Taking out the large bag, he undid the knot of the leather thong around its neck. It was full
of gold from the necromancer’s tower, as well as other lesser coins. Taking out twenty pieces of gold he carefully distributed them around his body in various well concealed places. While a careful thief would be able to find them, a city guard or a moronic mangler like Randy would miss most.
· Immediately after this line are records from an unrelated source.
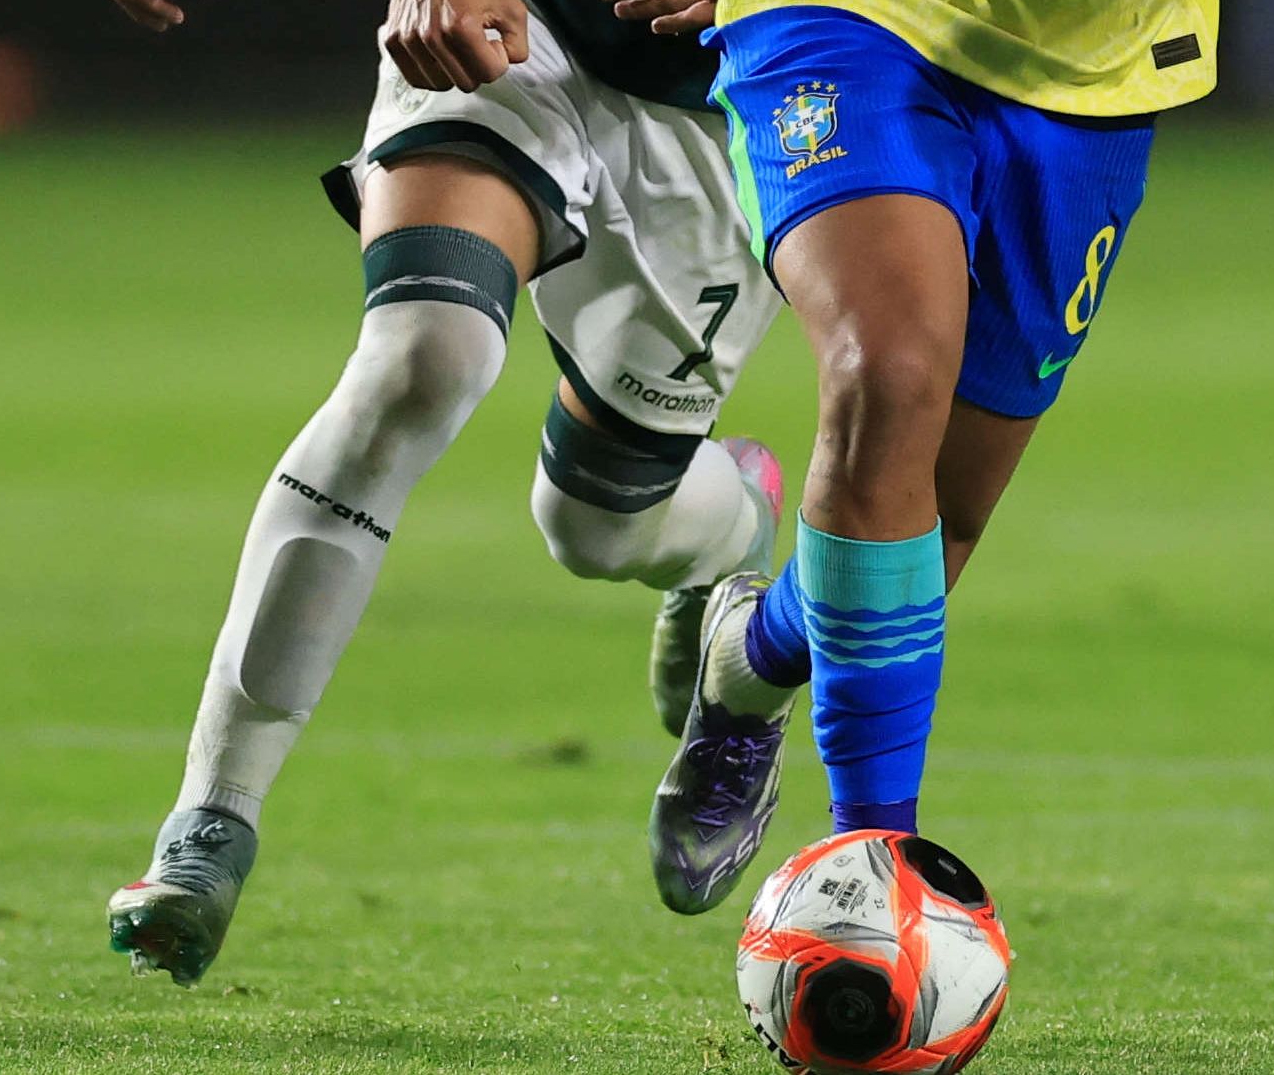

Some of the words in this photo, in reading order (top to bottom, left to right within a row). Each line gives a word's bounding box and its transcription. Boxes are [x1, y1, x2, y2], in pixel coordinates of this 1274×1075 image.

[795, 115, 817, 128] CBF
[785, 145, 848, 180] BRASIL
[1065, 225, 1116, 335] 8
[665, 282, 740, 383] 7
[617, 371, 717, 414] marathon
[277, 472, 391, 544] marathon
He distributed as many silver across his body, though in less well concealed places. Then he added a handful of copper coins in pockets that only an amateur would consider concealed, as well as a few fake coins, made of tin, in ordinary pockets and in a purse that would dangle temptingly at his side, wrapping a chord several times around it to suppress jingling while he was working. He would remove that chord during the day. He placed the bag and chest back in their hiding place and unstrapped the sword belt which he had recently bought. Putting the sheathed sword and its belt in with the rest of his treasure cache, he reached for a tile.
He hesitated.
Surely the guild manglers would be back for more pleasure in his pain, and now the blacksmiths might want a piece of him, or maybe the whole of him, preliminary to his dismemberment. Of the first he was sure. The second was only an entertaining hypothetical with a slightly sickening conclusion. But would the blacksmiths even know who had stolen the blade? Even if Brandon Smith guessed who had taken it he would not know where to find his quarry, and if he followed up on the ridiculous story about Alex being Sam Tillerman, a very young gentleman farmer from near Pine Hill, that would lead nowhere enlightening. He was not even sure that any village called Pine Hill existed; though the Hawk and Hallows Inn he had said he was staying at existed sure enough in South East Quarter. A right bloody shithole of a tavern it was too, that no self-respecting gentleman would dirty his spit on the floor of, let alone sleep in. Not that the blacksmith had seemed very convinced by that bit of ad lib fibbing. Then there was the little issue of a dead smith. Would the blacksmiths report that to the watch? Or to some noble patron influential enough to find out for them who their nemesis was, without the bother of paying corrupt constables to do their job poorly?